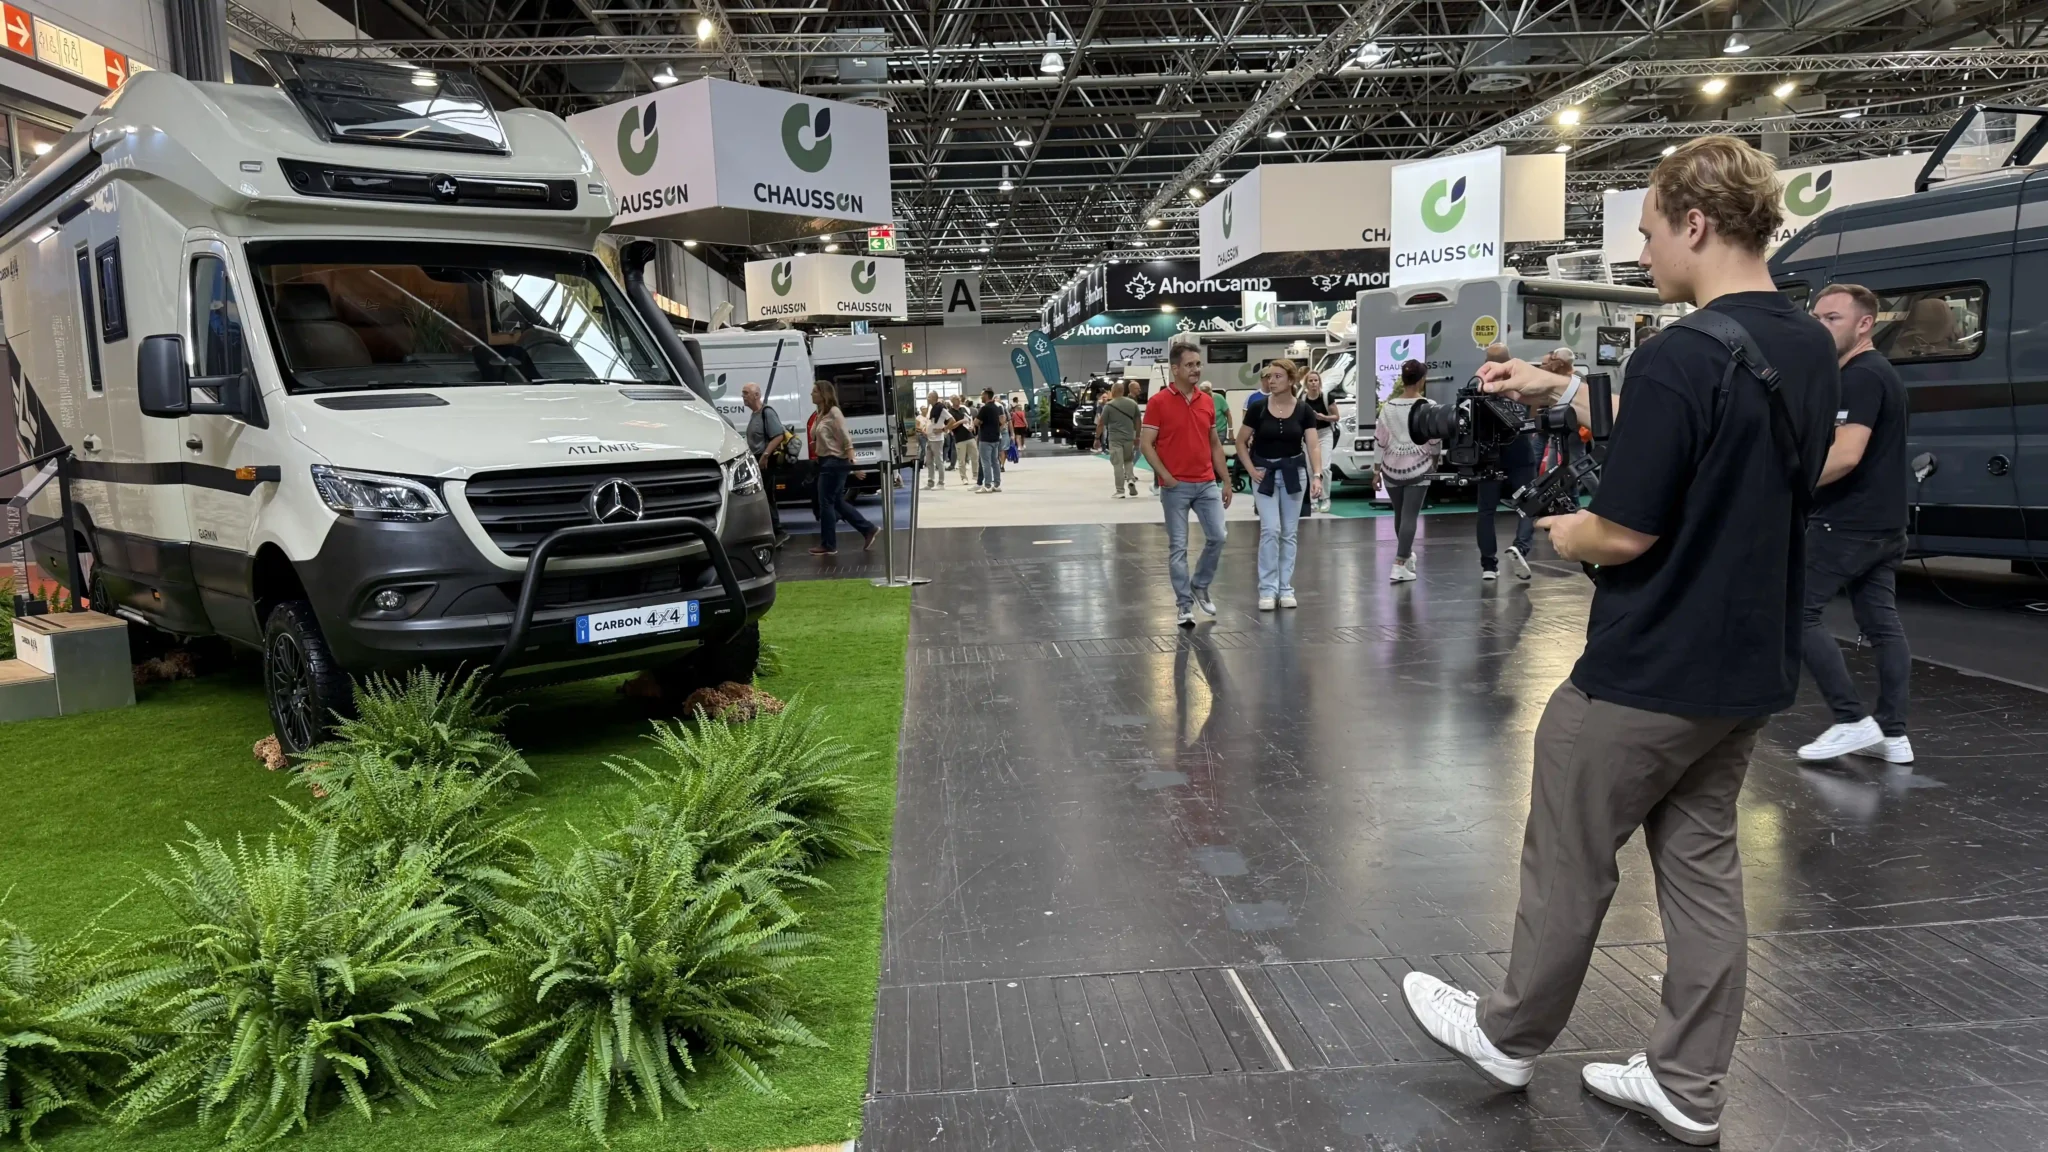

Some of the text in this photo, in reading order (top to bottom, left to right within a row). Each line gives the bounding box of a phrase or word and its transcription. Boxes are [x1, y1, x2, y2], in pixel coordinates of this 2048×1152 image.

[616, 184, 688, 216] AUSSON
[753, 182, 863, 213] CHAUSSON
[1395, 242, 1493, 267] CHAUSSON
[1158, 277, 1271, 294] AhornCamp
[947, 278, 976, 312] A
[760, 302, 806, 316] CHAUSSON
[837, 301, 892, 313] CHAUSSON
[1077, 324, 1150, 336] AhornCamp
[1140, 346, 1163, 355] Polar
[848, 427, 885, 435] HAUSSON
[568, 443, 640, 455] ATLANTIS
[594, 616, 642, 631] CARBON
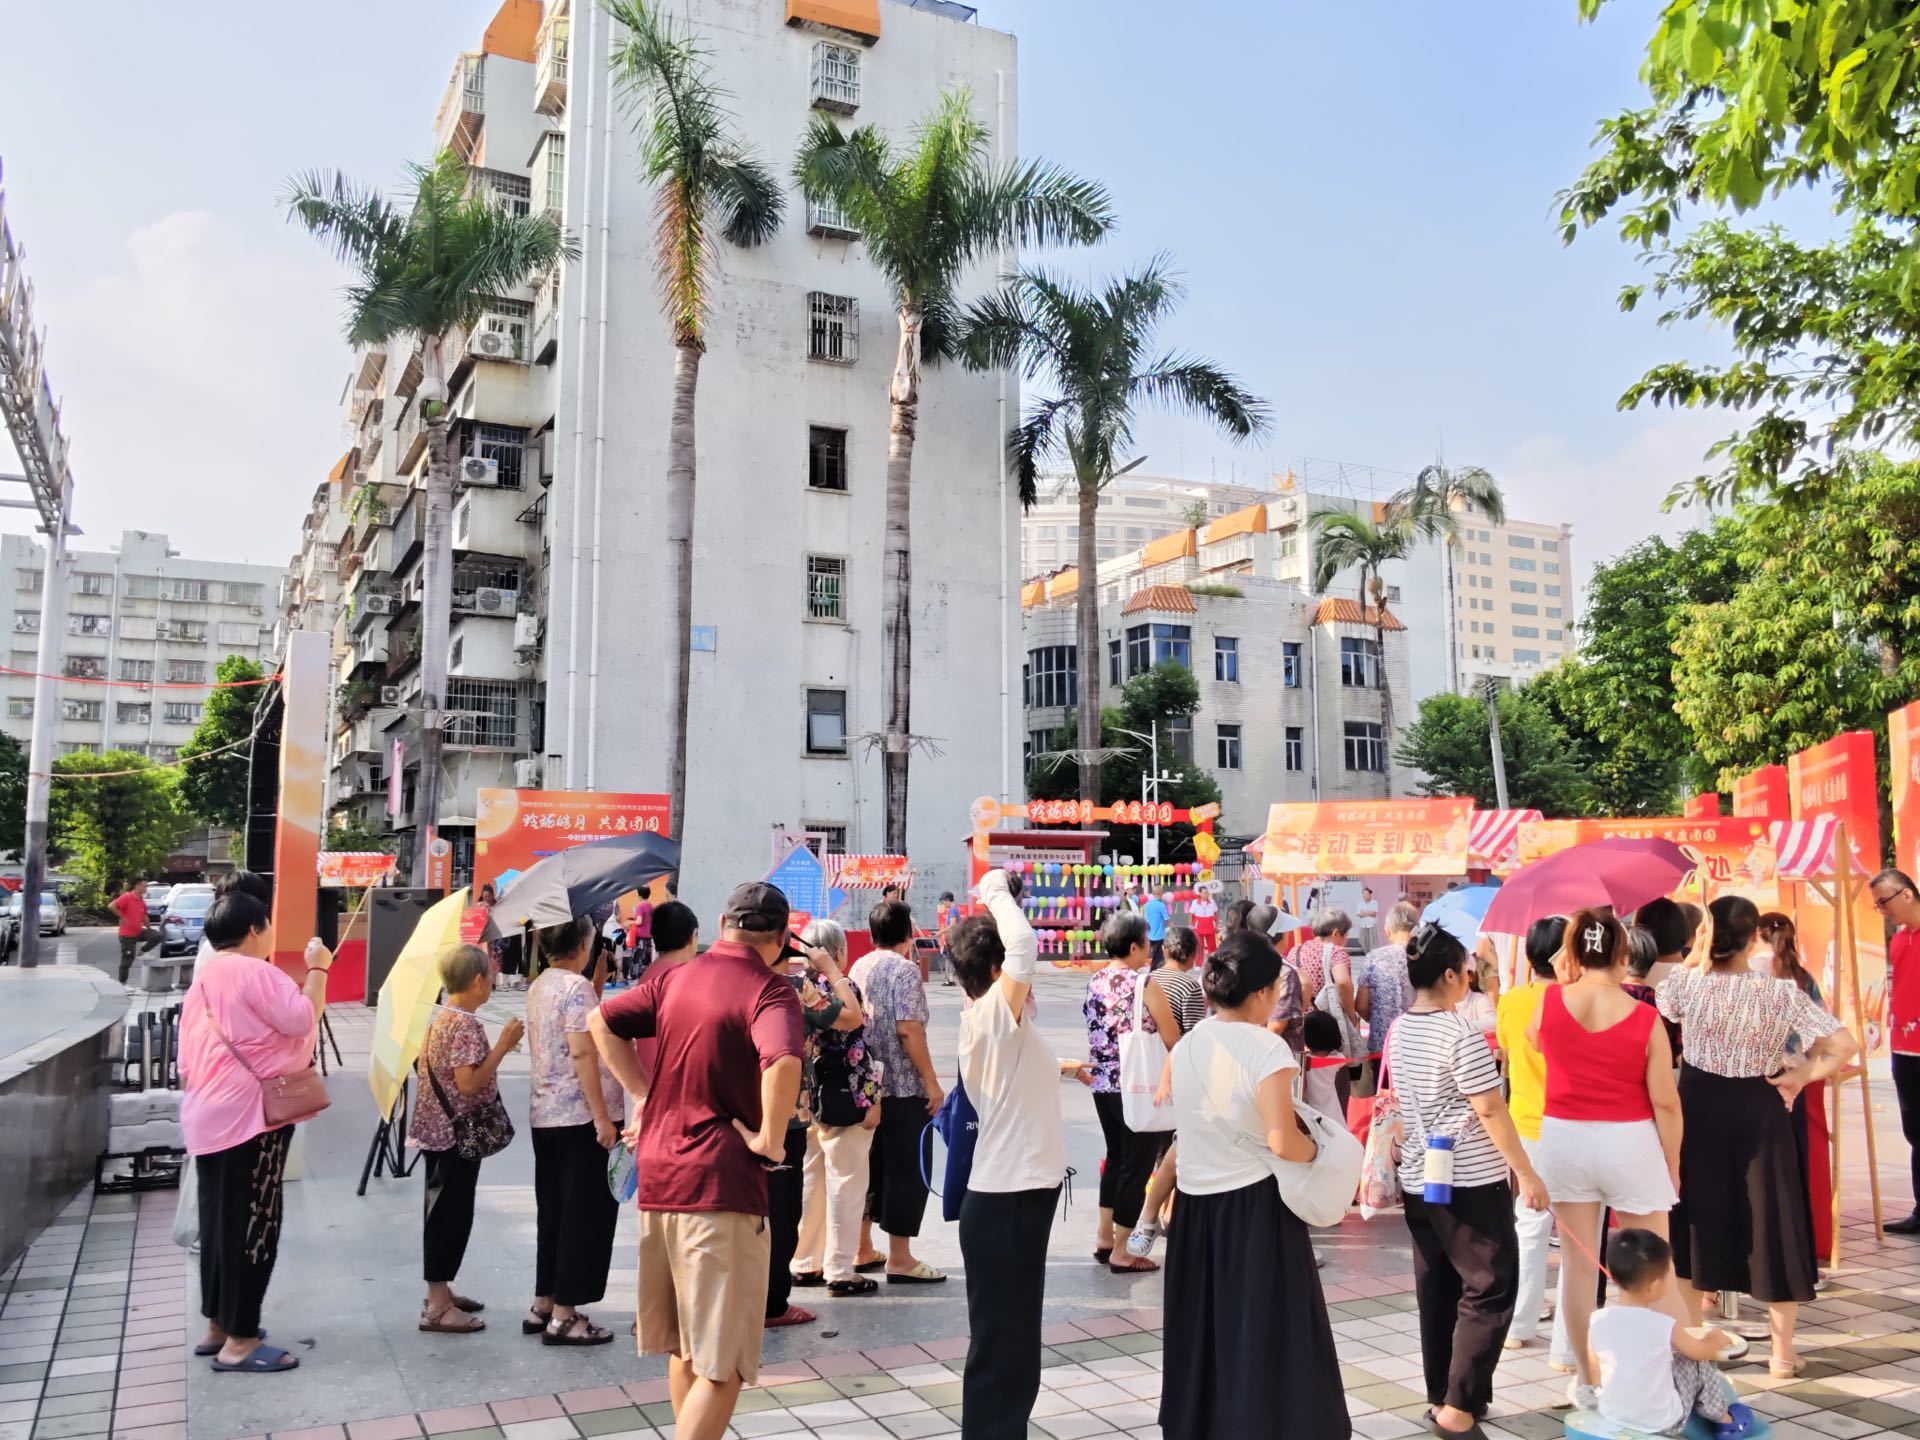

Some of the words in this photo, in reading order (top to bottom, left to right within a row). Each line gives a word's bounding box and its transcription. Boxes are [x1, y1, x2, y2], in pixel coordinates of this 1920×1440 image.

[522, 812, 587, 831] 玲珑皓月
[600, 815, 660, 832] 共度团圆
[1030, 803, 1092, 821] 玲珑皓月
[1113, 803, 1173, 823] 共度团圆
[1300, 831, 1434, 855] 活动签到处
[1704, 854, 1732, 882] 处
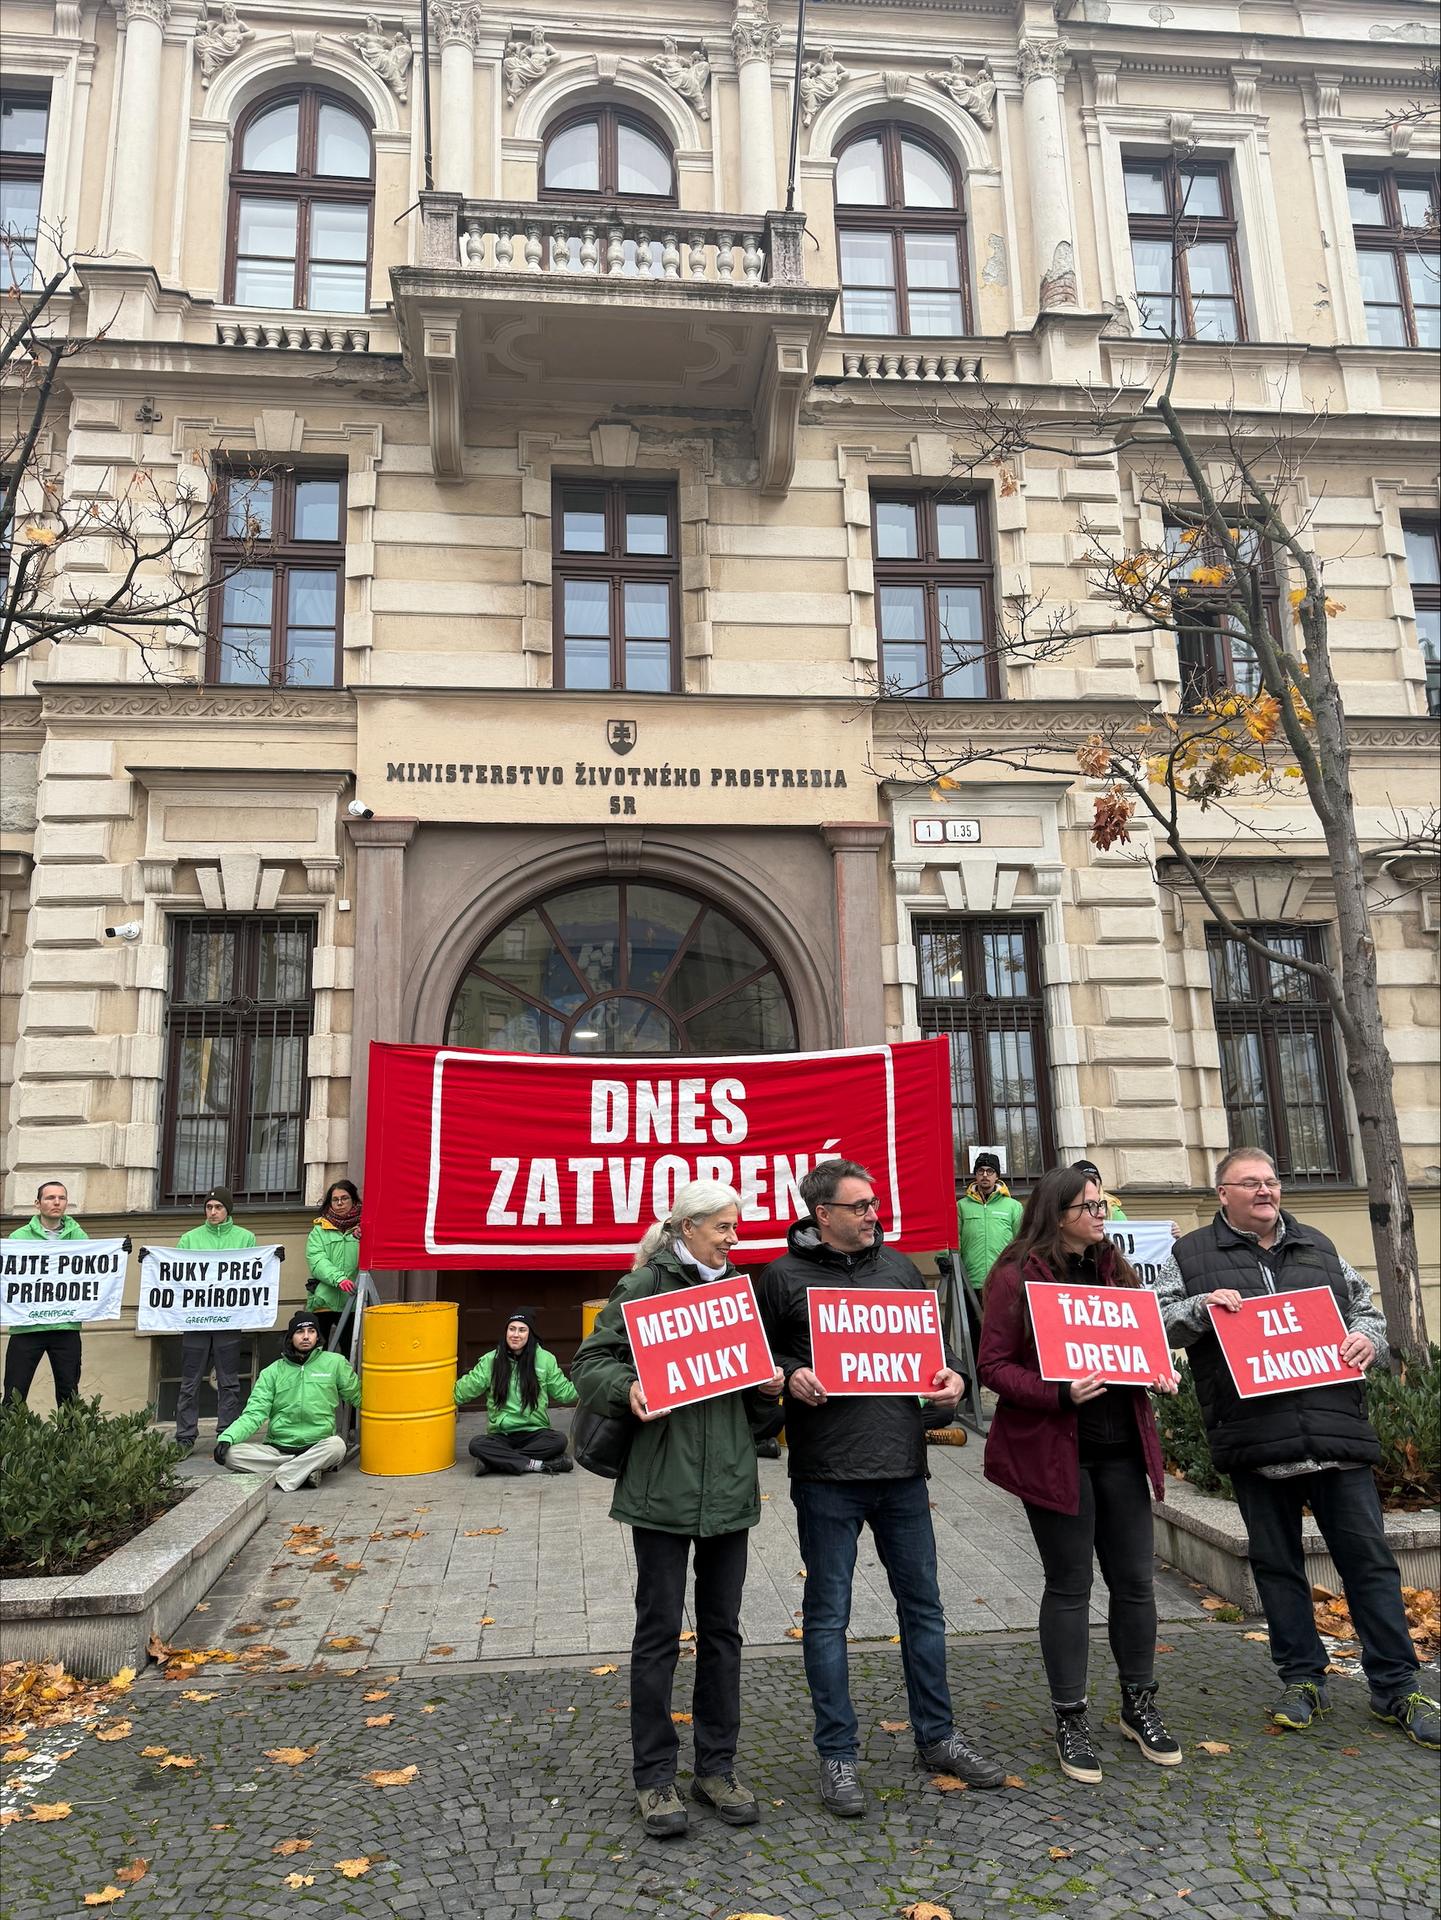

------------------------------

Problem to work on: From the material above, print everything exactly except the pictures.

Exercise output:
Some of the text in this photo, in reading order (top to bottom, left to right within a row). Each line gives the bounding box of a phrase or word and its transcription. Boxes are [x1, y1, x2, y2], in pixel coordinates of this 2048×1152 image.

[616, 184, 688, 216] AUSSON
[753, 182, 863, 213] CHAUSSON
[1395, 242, 1493, 267] CHAUSSON
[1158, 277, 1271, 294] AhornCamp
[947, 278, 976, 312] A
[760, 302, 806, 316] CHAUSSON
[837, 301, 892, 313] CHAUSSON
[1077, 324, 1150, 336] AhornCamp
[1140, 346, 1163, 355] Polar
[848, 427, 885, 435] HAUSSON
[568, 443, 640, 455] ATLANTIS
[594, 616, 642, 631] CARBON

Some of the words in this photo, in reading order (top to bottom, left to right within a row). Each line gives a word's bounding box and its transcription. Boxes are [x1, y1, x2, y2], in pixel coordinates of this 1920×1440 image.

[522, 812, 587, 831] 玲珑皓月
[600, 815, 660, 832] 共度团圆
[1030, 803, 1092, 821] 玲珑皓月
[1113, 803, 1173, 823] 共度团圆
[1300, 831, 1434, 855] 活动签到处
[1704, 854, 1732, 882] 处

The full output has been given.